For every line below, restate it exactly and drop the images.

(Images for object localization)
________________________________________

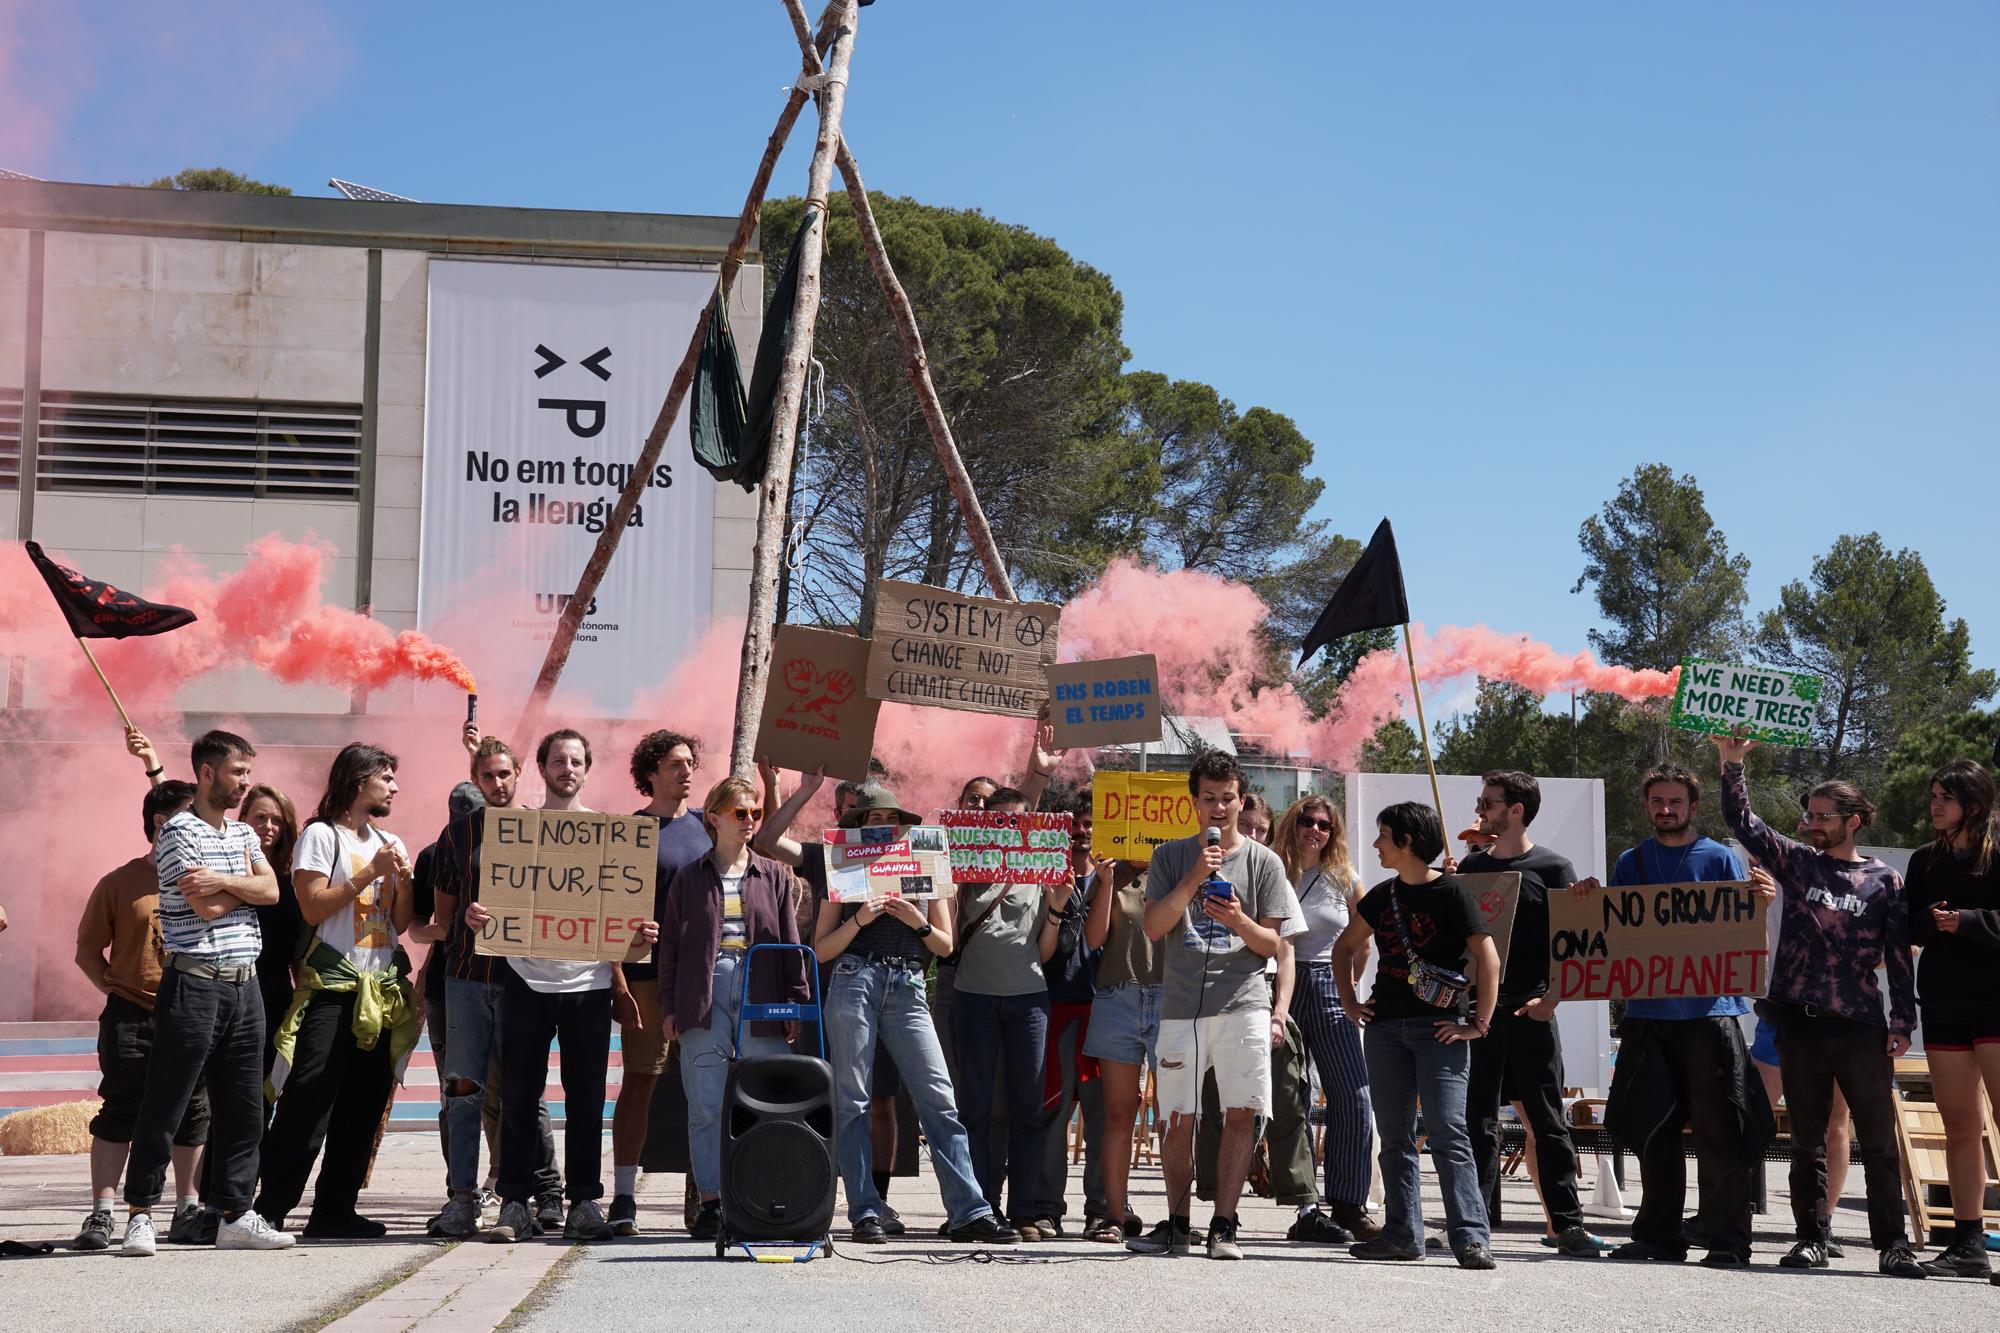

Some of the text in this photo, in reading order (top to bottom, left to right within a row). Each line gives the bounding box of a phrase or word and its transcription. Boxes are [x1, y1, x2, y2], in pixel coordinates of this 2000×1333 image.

[466, 450, 509, 483] No
[517, 458, 565, 485] em
[493, 491, 521, 523] la
[906, 598, 1002, 642] SYSTEM
[891, 638, 1014, 675] CHANGE NOT
[888, 671, 1033, 710] CLIMATE CHANGE
[1056, 678, 1152, 701] ENS ROBEN
[1692, 665, 1785, 697] WE NEED
[1066, 702, 1145, 724] EL TEMPS
[1686, 689, 1813, 728] MORE TREES
[1103, 791, 1202, 825] DEGRO
[498, 817, 653, 849] EL NOSTRE
[949, 828, 1069, 847] NUESTRA CASA
[1112, 835, 1127, 845] or
[846, 842, 906, 858] OCUPAR FINS
[949, 849, 1064, 868] ESTA EN LLAMAS
[598, 858, 644, 895] ÉS
[872, 864, 918, 873] GUANYAR!
[1603, 887, 1756, 932] NO GROWTH
[483, 914, 646, 948] DE TOTES
[1560, 950, 1769, 999] DEAD PLANET
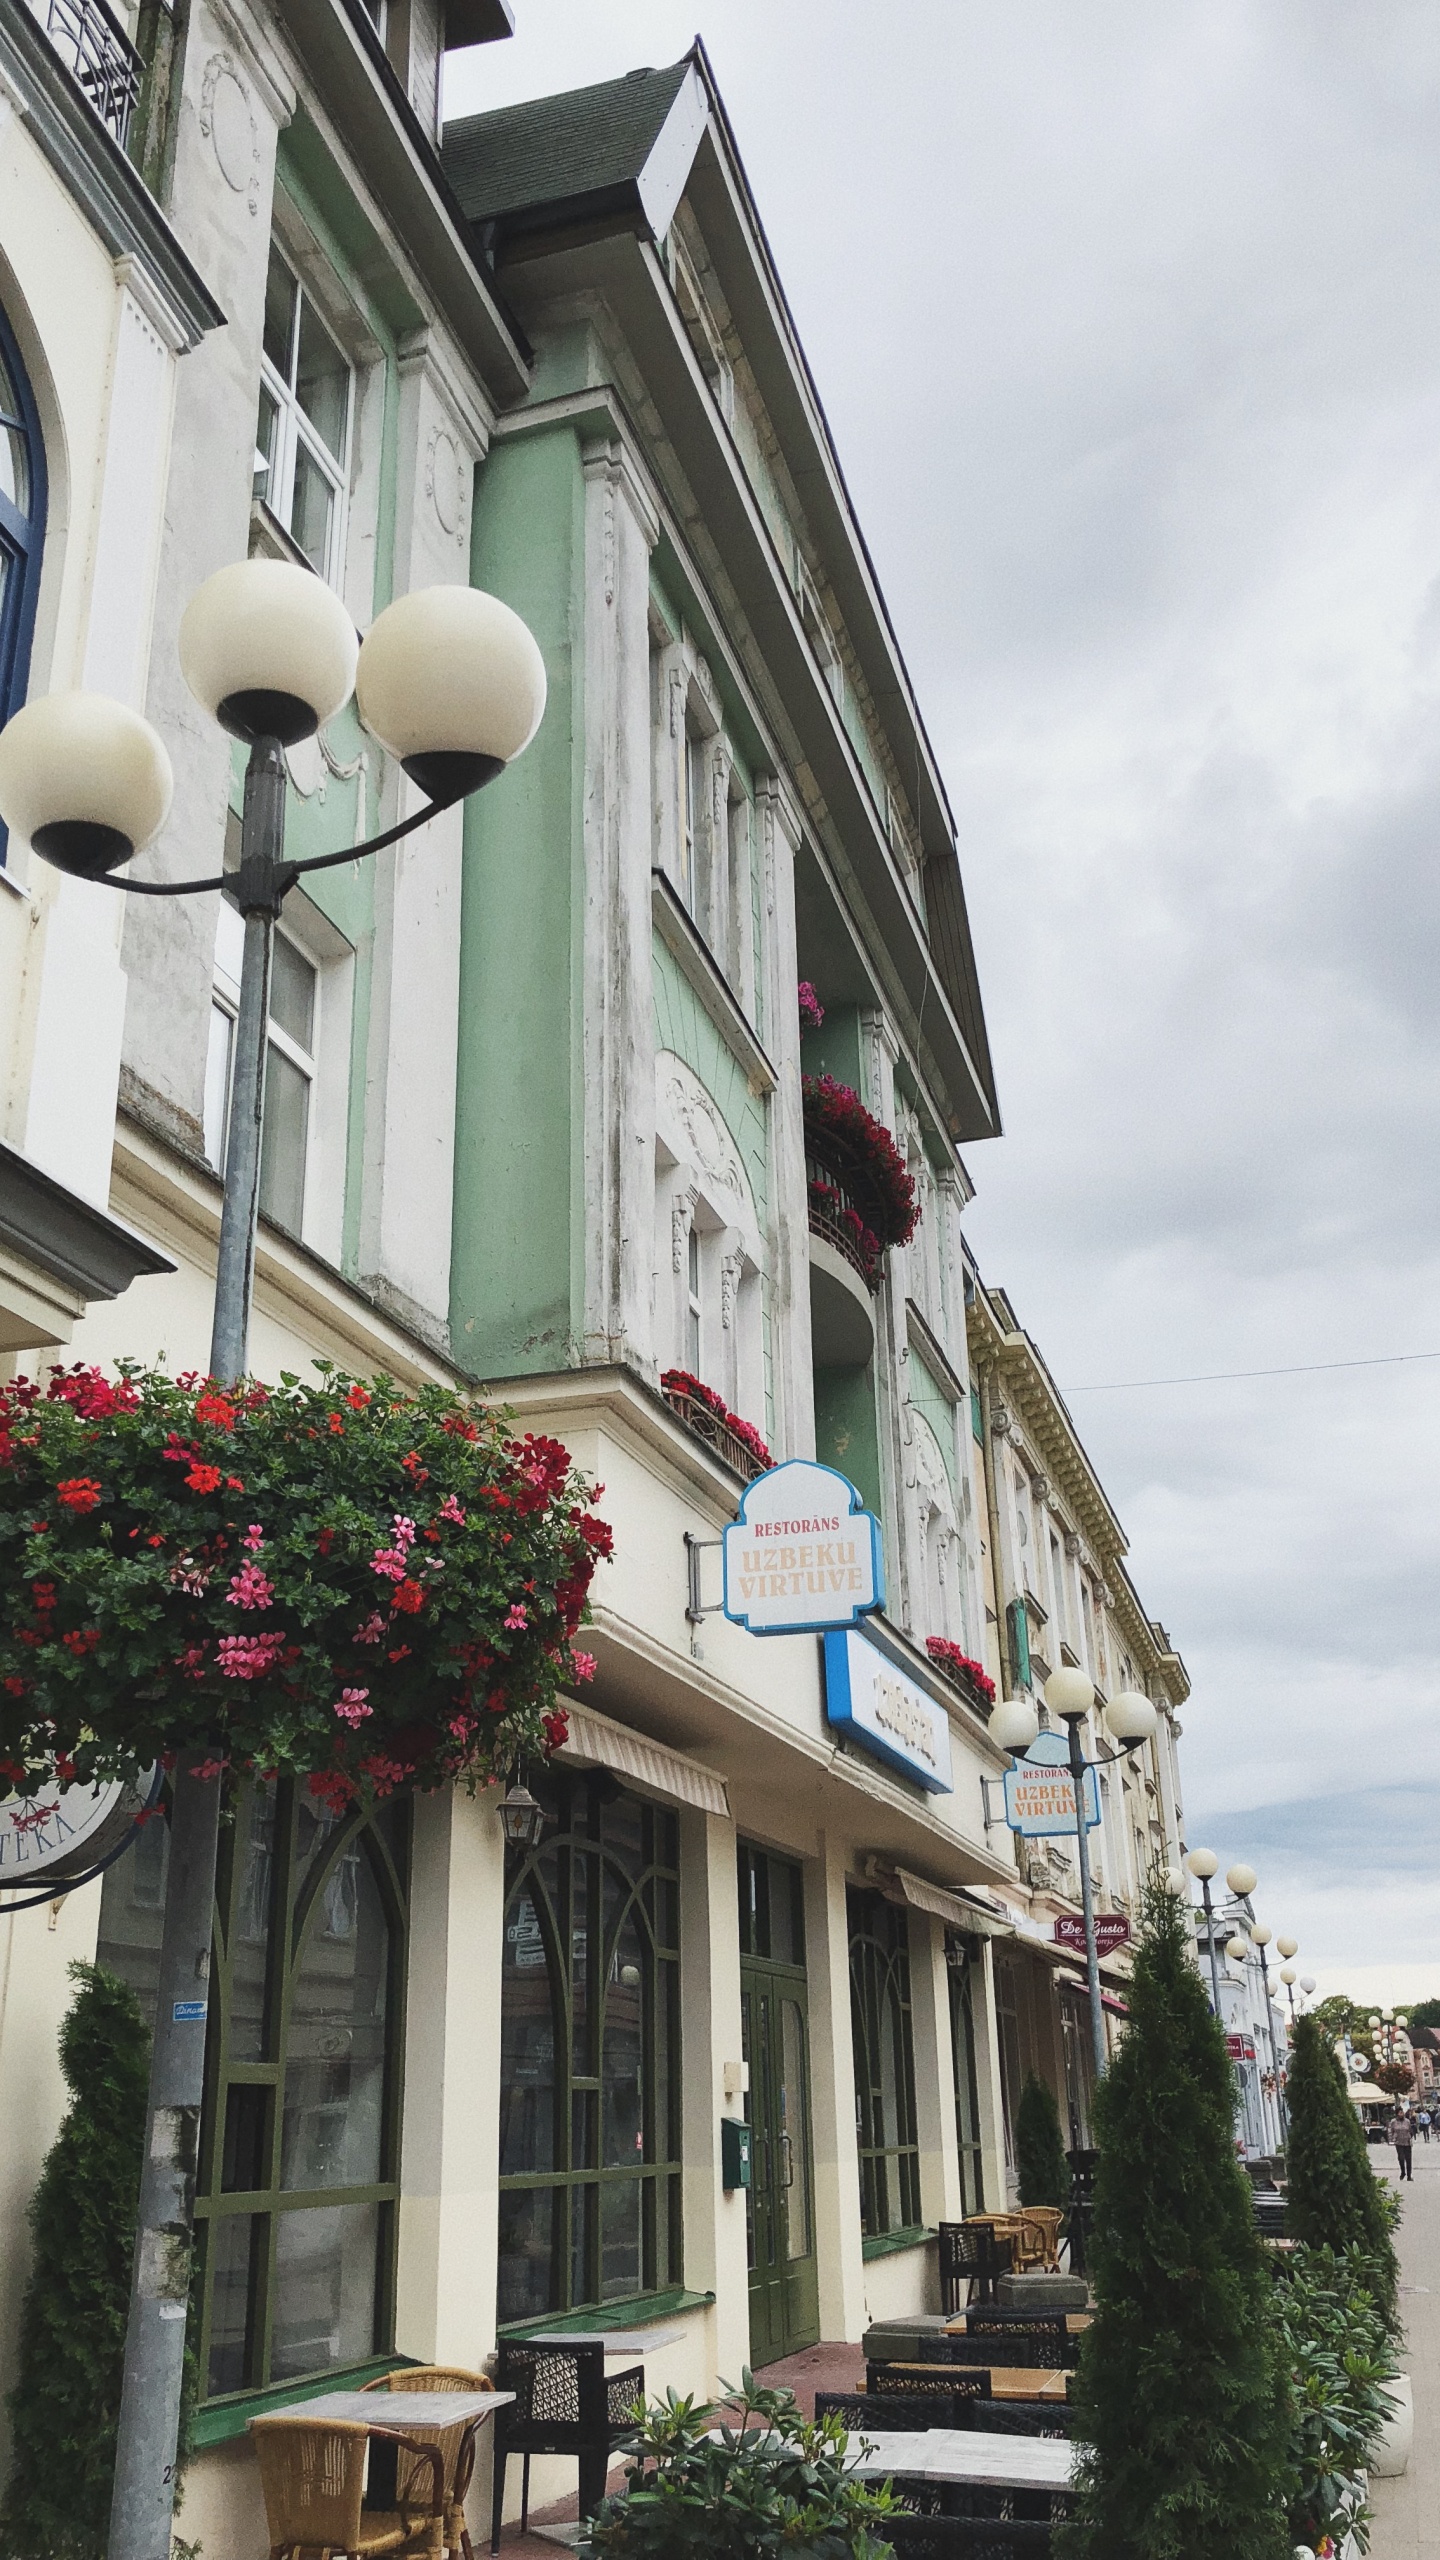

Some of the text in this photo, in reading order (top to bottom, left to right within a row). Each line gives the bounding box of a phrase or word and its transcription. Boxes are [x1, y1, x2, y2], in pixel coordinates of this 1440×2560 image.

________________________________________

* [RESULT OF THE TASK]:
Some of the text in this photo, in reading order (top to bottom, left to right within a row). Each line gives the bounding box of a phrase or word and its transcription. Boxes are [x1, y1, x2, y2], in pixel coordinates of this 2000×1333 image.

[466, 450, 509, 483] No
[517, 458, 565, 485] em
[493, 491, 521, 523] la
[906, 598, 1002, 642] SYSTEM
[891, 638, 1014, 675] CHANGE NOT
[888, 671, 1033, 710] CLIMATE CHANGE
[1056, 678, 1152, 701] ENS ROBEN
[1692, 665, 1785, 697] WE NEED
[1066, 702, 1145, 724] EL TEMPS
[1686, 689, 1813, 728] MORE TREES
[1103, 791, 1202, 825] DEGRO
[498, 817, 653, 849] EL NOSTRE
[949, 828, 1069, 847] NUESTRA CASA
[1112, 835, 1127, 845] or
[846, 842, 906, 858] OCUPAR FINS
[949, 849, 1064, 868] ESTA EN LLAMAS
[598, 858, 644, 895] ÉS
[872, 864, 918, 873] GUANYAR!
[1603, 887, 1756, 932] NO GROWTH
[483, 914, 646, 948] DE TOTES
[1560, 950, 1769, 999] DEAD PLANET

Some of the text in this photo, in reading order (top to bottom, left to right within a row). Each line gives the bounding box of a phrase or word and its transcription. Boxes are [x1, y1, x2, y2], in pixel coordinates of this 1440×2560 image.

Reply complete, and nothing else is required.